## Work instructions
Repeat the listing word for word. No pictures belong in the copy.

## Data for review
-- Opening Marker --

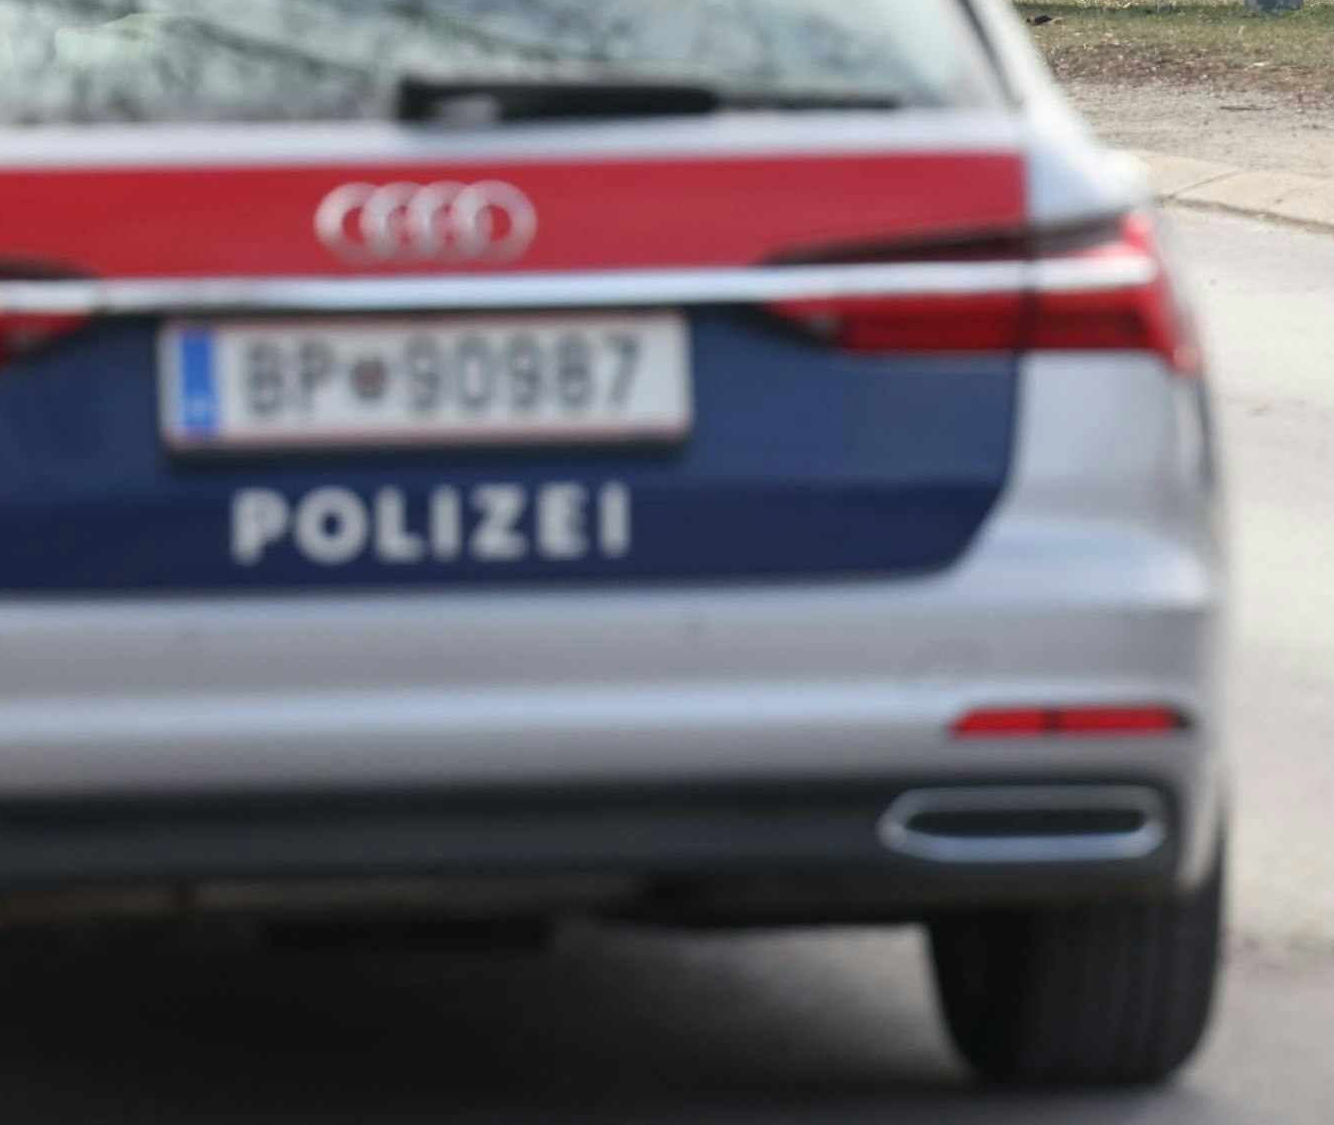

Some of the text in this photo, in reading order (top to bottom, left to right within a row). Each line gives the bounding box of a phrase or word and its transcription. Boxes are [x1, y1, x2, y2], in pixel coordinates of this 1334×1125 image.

[246, 333, 642, 416] BP 90987
[231, 481, 631, 565] POLIZEI
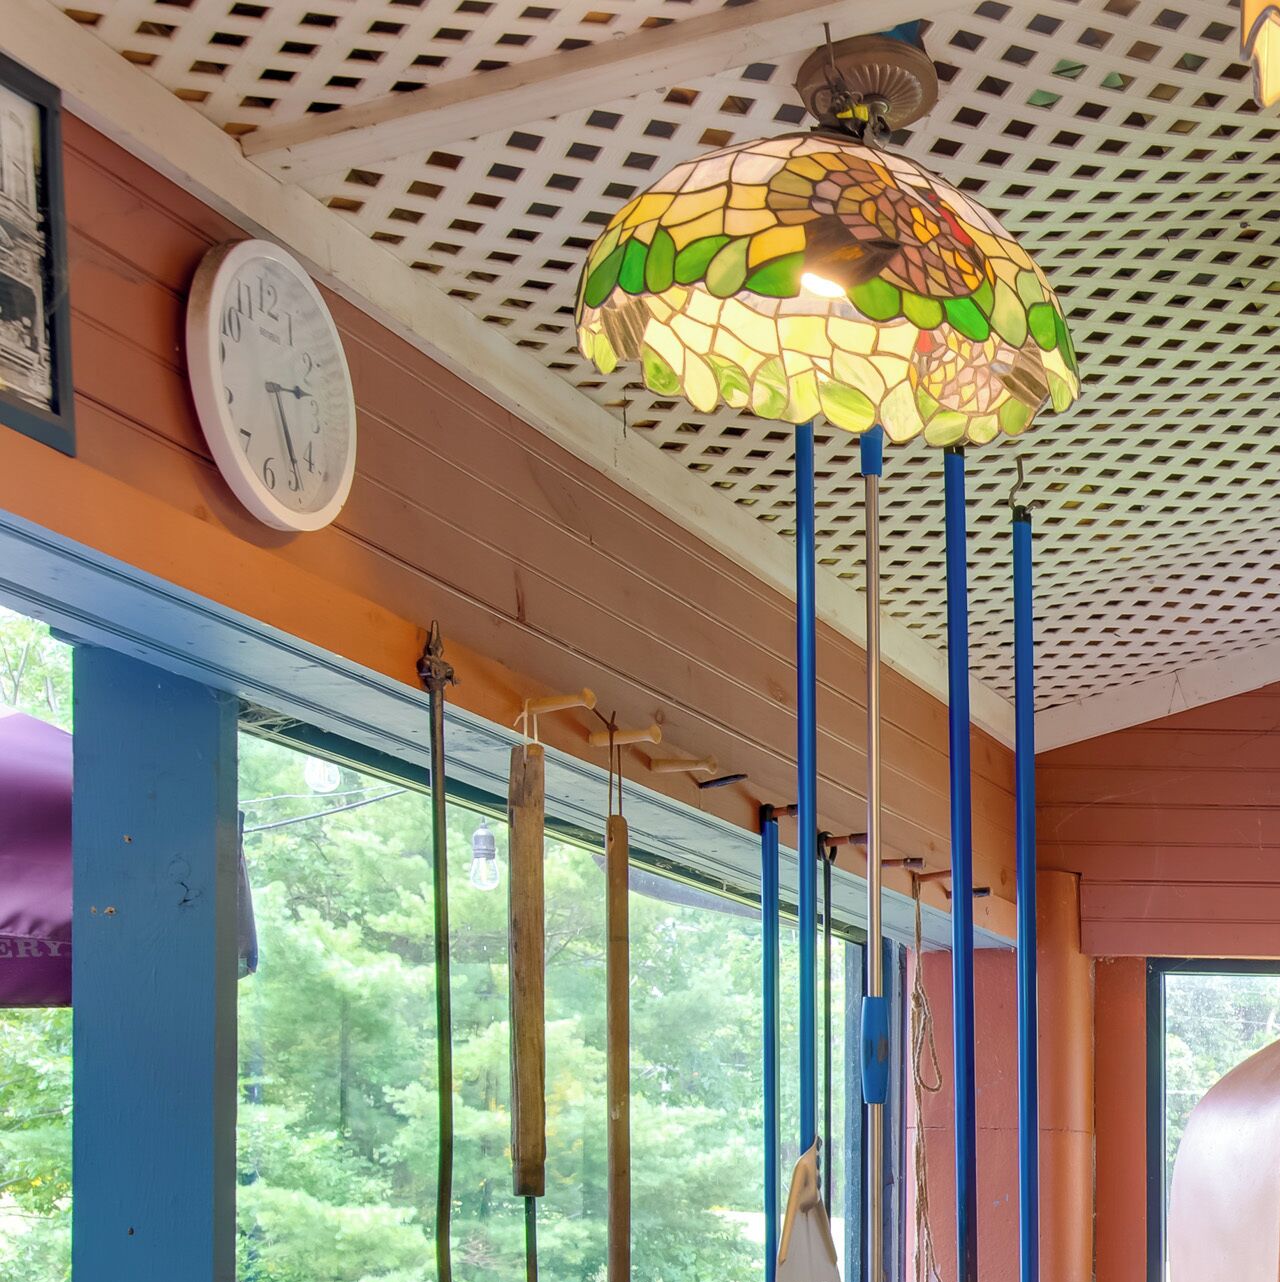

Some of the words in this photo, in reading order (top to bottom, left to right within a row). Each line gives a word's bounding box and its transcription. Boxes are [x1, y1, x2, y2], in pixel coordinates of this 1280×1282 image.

[236, 277, 253, 320] 11
[256, 275, 280, 321] 12
[302, 351, 313, 386] 2
[262, 457, 276, 490] 6
[303, 440, 315, 474] 4
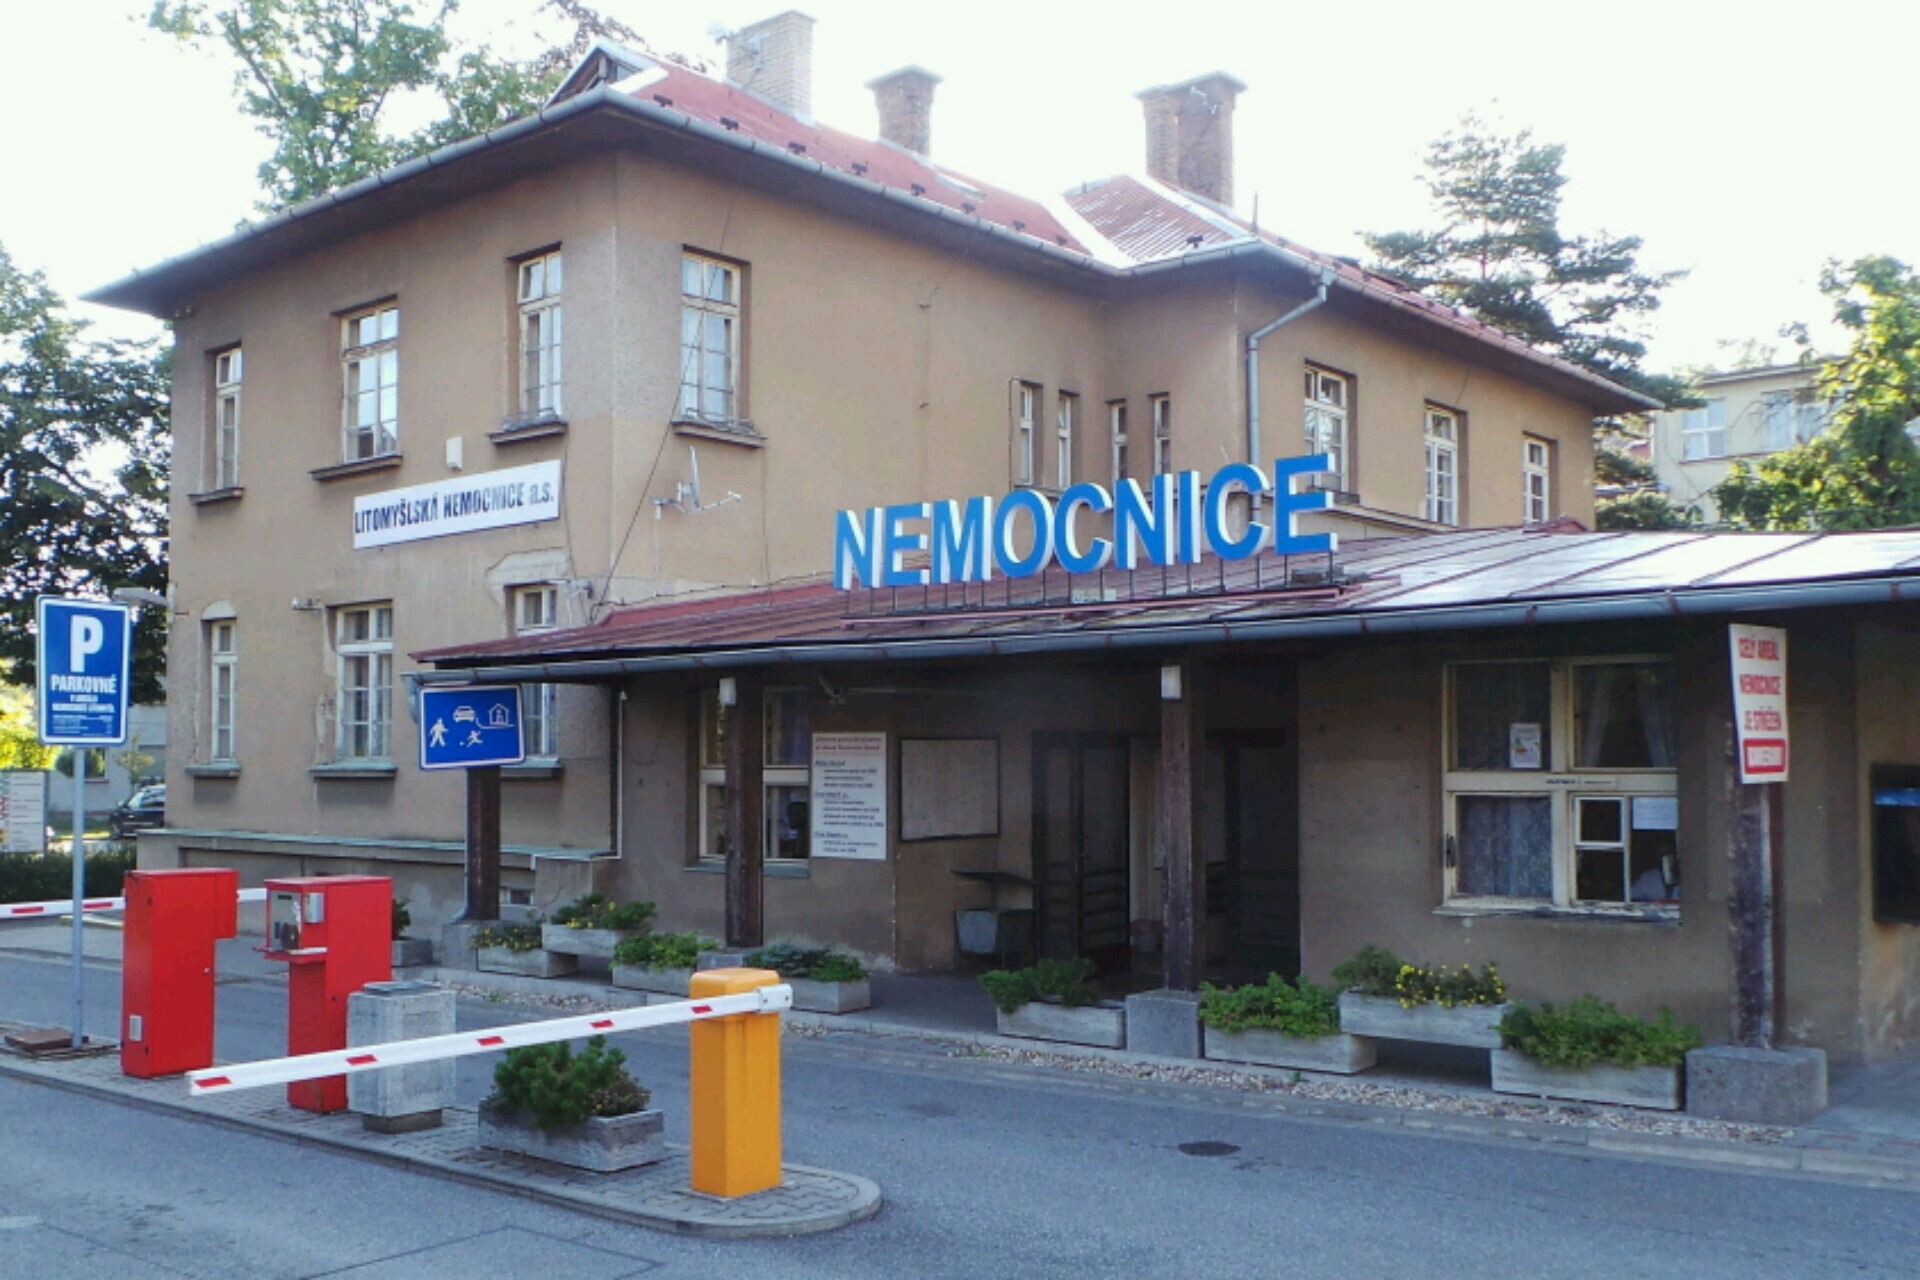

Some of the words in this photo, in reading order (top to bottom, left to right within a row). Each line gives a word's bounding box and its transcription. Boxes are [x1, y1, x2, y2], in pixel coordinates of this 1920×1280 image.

[354, 492, 438, 534] LITOMYŠLSKÁ
[443, 482, 524, 519] NEMOCNICE
[529, 482, 554, 504] a.s.
[834, 453, 1337, 590] NEMOCNICE
[70, 614, 103, 673] P
[50, 674, 117, 694] PARKOVNÉ

-- Closing Marker --

## Output of the exercise
Some of the text in this photo, in reading order (top to bottom, left to right within a row). Each line gives the bounding box of a phrase or word and its transcription. Boxes are [x1, y1, x2, y2], in pixel coordinates of this 1334×1125 image.

[246, 333, 642, 416] BP 90987
[231, 481, 631, 565] POLIZEI

Some of the words in this photo, in reading order (top to bottom, left to right within a row). Each line gives a word's bounding box and its transcription. Boxes are [x1, y1, x2, y2], in pixel coordinates of this 1280×1282 image.

[236, 277, 253, 320] 11
[256, 275, 280, 321] 12
[302, 351, 313, 386] 2
[262, 457, 276, 490] 6
[303, 440, 315, 474] 4

Some of the words in this photo, in reading order (top to bottom, left to right within a row). Each line gives a word's bounding box and its transcription. Boxes are [x1, y1, x2, y2], in pixel coordinates of this 1920×1280 image.

[354, 492, 438, 534] LITOMYŠLSKÁ
[443, 482, 524, 519] NEMOCNICE
[529, 482, 554, 504] a.s.
[834, 453, 1337, 590] NEMOCNICE
[70, 614, 103, 673] P
[50, 674, 117, 694] PARKOVNÉ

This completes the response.